The initialization program executes the programs and scripts as directed by its configuration file. Any programs or scripts that are run during this start-up procedure are an area that can be exploited because they generally run as the superuser.

If the permissions are such that any of these programs can be replaced , a hacker has the ability to alter the system in any fashion. This is a place where a Trojan horse can be used if the program search path is not set correctly or properly secured.
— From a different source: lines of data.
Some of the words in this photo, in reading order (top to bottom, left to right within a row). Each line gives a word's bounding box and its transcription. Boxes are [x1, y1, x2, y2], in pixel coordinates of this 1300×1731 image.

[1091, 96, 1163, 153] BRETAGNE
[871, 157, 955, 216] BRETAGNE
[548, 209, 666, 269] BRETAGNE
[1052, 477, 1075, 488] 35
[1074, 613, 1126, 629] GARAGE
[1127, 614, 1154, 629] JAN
You need to fully understand this process, as well as all the programs that are executed during a system start-up. First of all, if the boot file is replaced or removed, the system will either not boot up or will boot up differently from its intended method. All the programs that are started from the initialization program and all the subsequent programs must have their permissions checked. All programs and scripts executed during system start-up should be owned by root and be readable only by root. All programs that are executed from these scripts should either use fully qualified path names or the path variable should be set in the script. All of these scripts and the programs that they execute should be periodically checked to validate they have not been tampered with.

System Shutdown

Each time a system is shut down, it goes through a specific set of shutdown routines. These routines, either a series of scripts or a directory containing a number of scripts, are automatically executed at system shutdown. These scripts normally execute with root privileges. This allows for the orderly shutdown of software subsystems before the system's shutdown.
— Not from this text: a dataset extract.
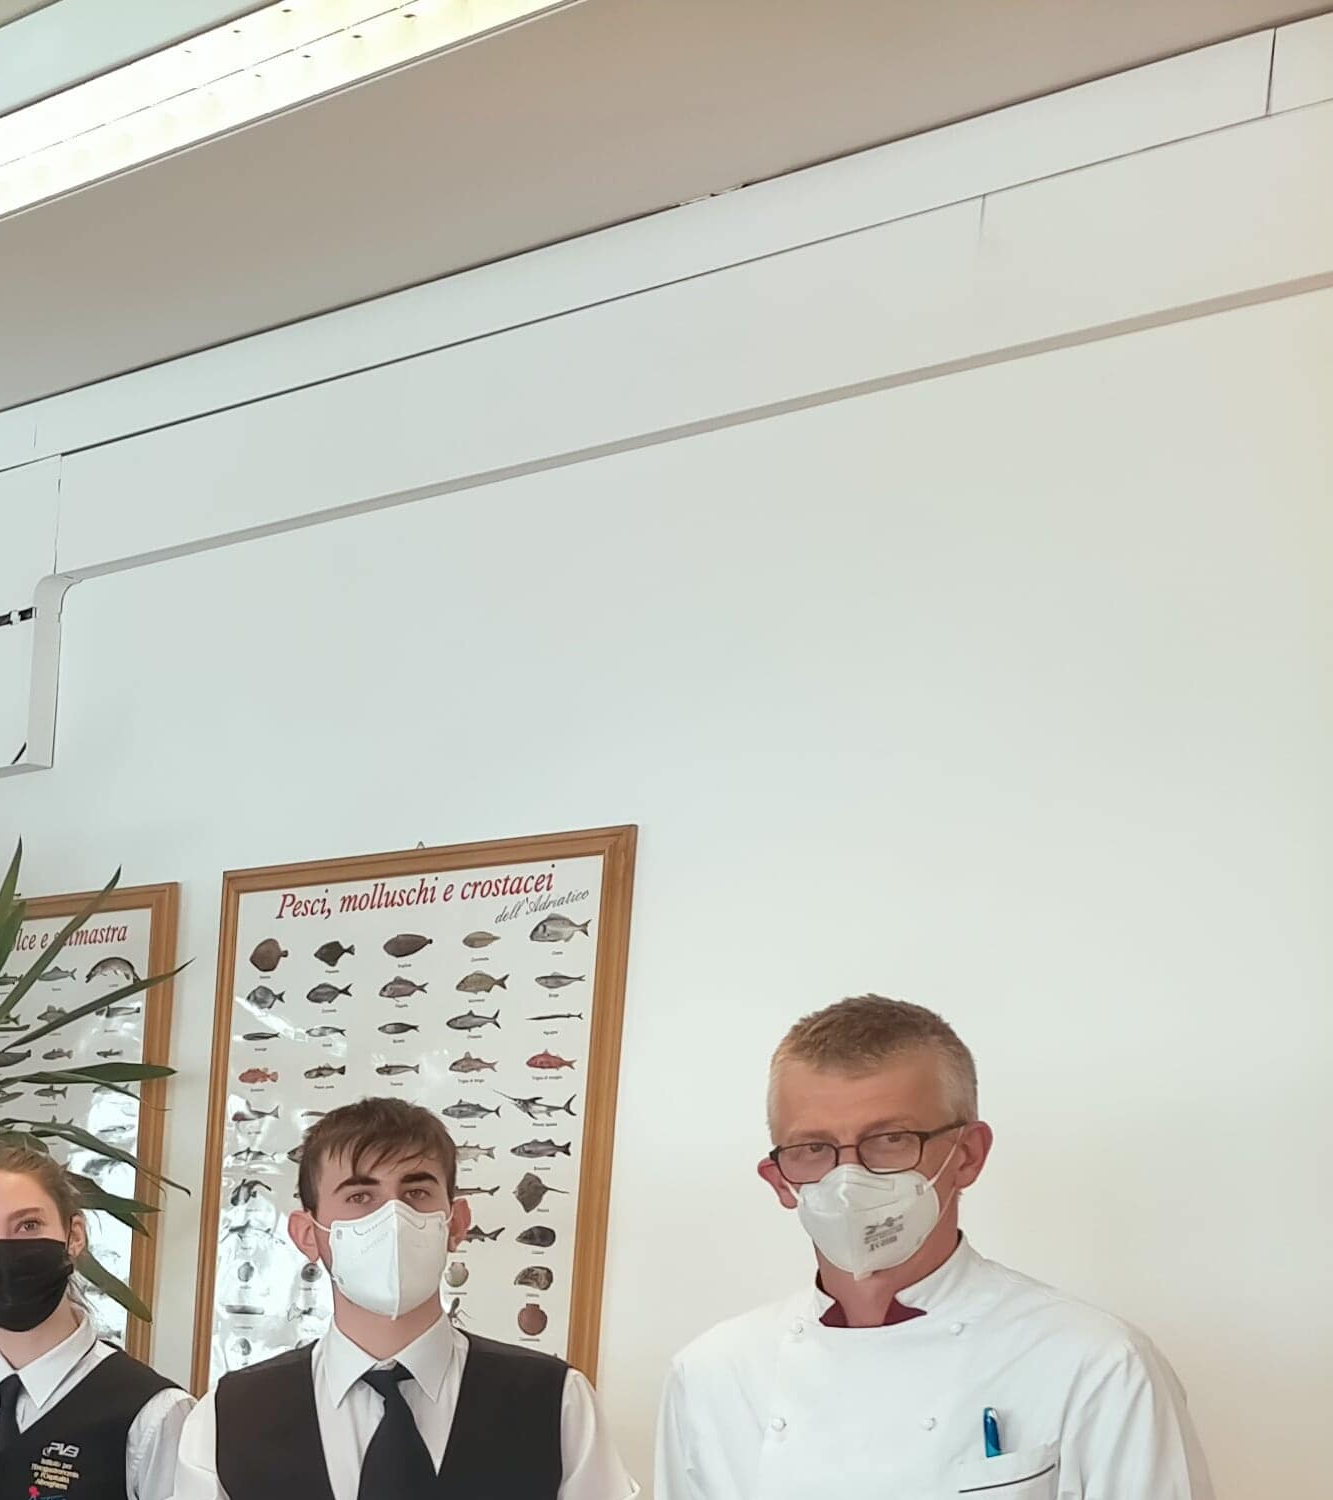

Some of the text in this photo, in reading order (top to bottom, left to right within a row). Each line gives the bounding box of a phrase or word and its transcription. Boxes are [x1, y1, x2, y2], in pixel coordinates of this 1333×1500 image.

[276, 864, 556, 920] Pesci, molluschi e crostacei
[40, 936, 49, 950] e
Quite often these scripts are not closely monitored for security. Just like the start-up scripts, subverting any of these scripts, or any of the scripts or programs they call, will allow a hacker to subvert the entire system the next time that the system is shut down.

These scripts are as important as system start-up scripts and are vulnerable to the same type of attack. Unfortunately, they are often overlooked by the automated security checkers. Any script that is executed during system shutdown should be readable only by root. All programs that are executed from these scripts should either use fully qualified path names or the path variable should be set in the script. All these scripts, and the programs that they execute, should be periodically checked to validate that they have not been tampered with.